I couldn’t draw worth a dime - my college drawing professor gave me a B, which plummeted by GPA. So unfair! OK, my drawings were terrible, but I TRIED! Sadly for me [cue tiny violins], he graded on results, not effort.
What I was naturally good at was writing, so I had a long career in journalism, including two decades writing about health for Rodale Press's Prevention magazine and health books. I learned to love explaining things that could make people’s lives better.
A chance visit to a quilt show in 1991 plunged me into this unexpected hobby. I started with Eleanor Burns’ “An Amish Quilt in a Day” book.
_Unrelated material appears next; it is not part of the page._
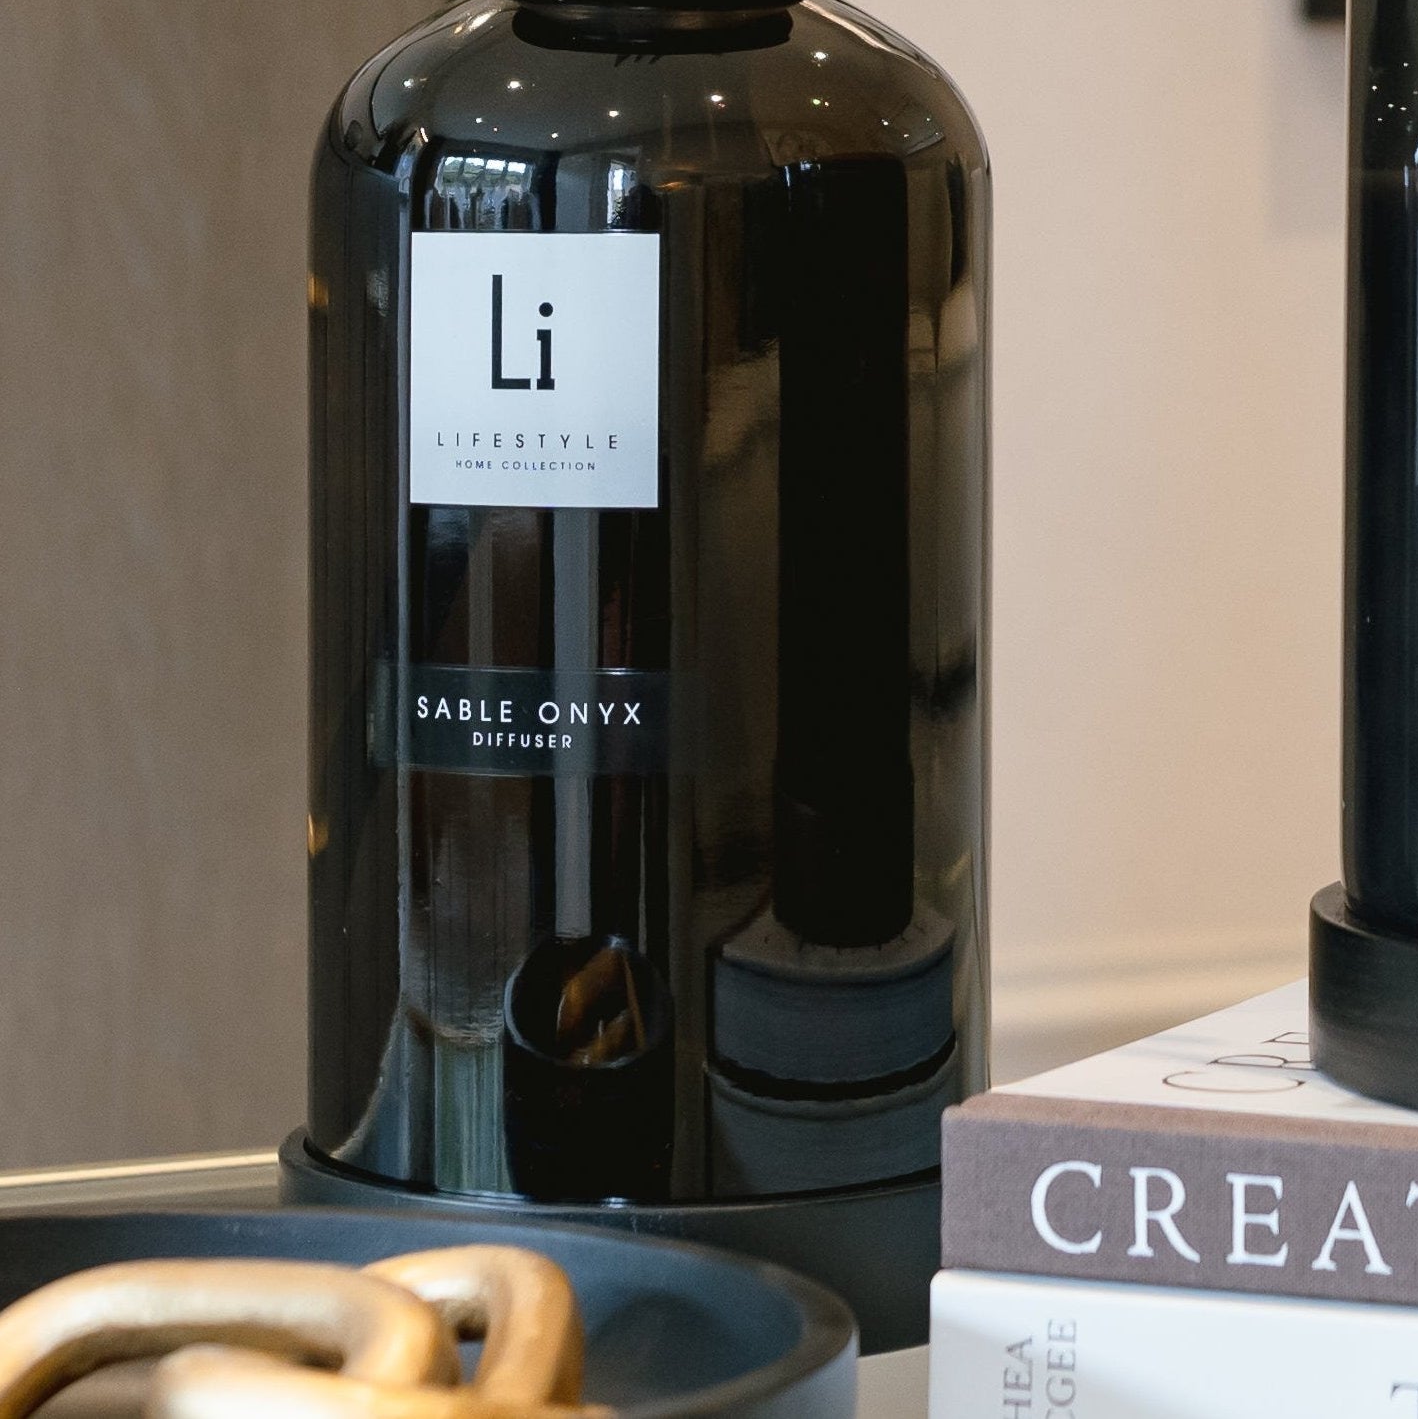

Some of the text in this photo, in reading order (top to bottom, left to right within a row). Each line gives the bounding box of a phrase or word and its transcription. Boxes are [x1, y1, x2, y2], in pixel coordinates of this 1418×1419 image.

I aspire to pay forward what Eleanor did for me and so many others – opening up a world of art-making that’s low on judgement and high on fun. I am living proof that even people who aren’t great at drawing can and do make wonderful quilts!
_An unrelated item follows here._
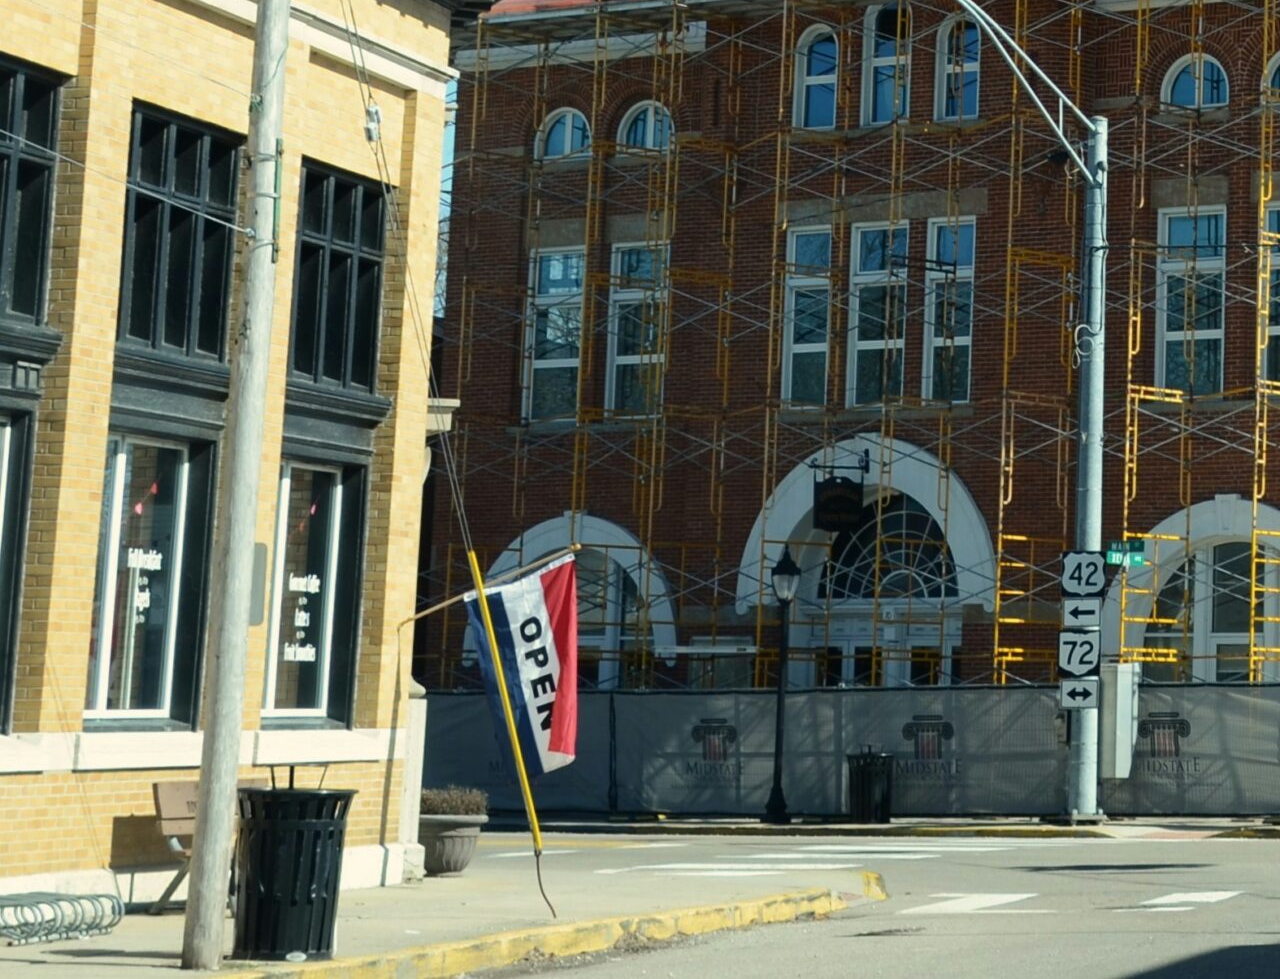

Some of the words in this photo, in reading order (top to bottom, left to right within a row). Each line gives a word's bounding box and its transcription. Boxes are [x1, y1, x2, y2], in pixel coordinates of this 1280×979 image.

I see my books, patterns and classes as not only the fulfillment of my lifelong compulsions to make stuff and explain things, but also a continuation of my career writing about health. Quilting is SO freaking HEALTHY - it makes me laugh, play, stand up, sit down, stand up again, hike between the sewing machine, cutting table, design wall, and, okay, too often, the refrigerator; do complicated arithmetic (also not a raw talent of mine, but I tell myself it’s brain exercise); and, for bicep strength, ironing, rotary cutting, and stroking beautiful fabric. Even if you’re a natural introvert, it gives you a social life. Quilters are great about cheering each other on. I believe everyone should try quilting, unless you absolutely know from experience that you hate working with your hands (and NOT because an art professor gave you a sad little B on your earnest self-portrait. I’m not bitter. Much.)
My drawing has improved since college, by the way, thanks partly to quilting, but mostly to getting my hands on the book ‘Drawing on the Right Side of the Brain’. I promise that if you do the exercises in that book, you will astonish yourself. Today I considered my sketching skills to be downright adequate, enough to do the illustrations for my books and patterns. I choose to believe that my college drawing professor might change my grade to a strong B+.
I love the quilt world, I love that there are beginners of all ages, I love that people can come to it from wildly different backgrounds and life experiences, and talents or lack thereof, and get so much out of it. I love that the vast majority of people are kind, supportive, cheer each other on, and are dedicated to lifelong learning!
SHOWS
My quilts have been juried into national and global shows, including: Houston/IQA/IQF/International Quilt Festival (including two in their Tactile Architecture section); Road to California; QuiltCon; Mancuso shows. Two quilts have won awards in national shows. My work has also been shown in museum venues, and I have a piece currently travelling through museums in the US and abroad, in Studio Art Quilter’s Association shows.
MAGAZINES
My articles and/or my quilts have been featured in national and international quilt magazines and/or websites, including: Curated Quilts; Uppercase; SAQA Journal (Studio Art Quilt Associates); Quiltmania (No. 148); Machine Quilting Unlimited; Quilter's Newsletter Magazine; Uppercase; Traditional Quiltworks, The Quilt Life; The Quilt Show, and others.
BLOG
I have posted hundreds of blog articles about quilting since 2011 at Gefiltequilt.com. It includes many free tutorials (click on “tutorial” in the word cloud on the sidebar).
JUDAICA
My first website, set up in the 1990s, was Judaiquilt.com. It’s devoted to all kinds of fiber art Judaica, including wedding canopies (chuppot), tallitot (prayer shawls), matzoh covers and more. One of my yarmulke’s won the community Choice Award in the Baycrest “Cover Thy Head” exhibition of kippot at the Morris and Sally Justein Heritage Museum in Toronto, Canada, 2012. I served a two-year term as president of the international Pomegranate Guild of Judaic Needlework.
MASKS
In the Covid pandemic, I created two different free mask pattern tutorials, which can be found on my blog - the simple pleated mask and the roomier mask.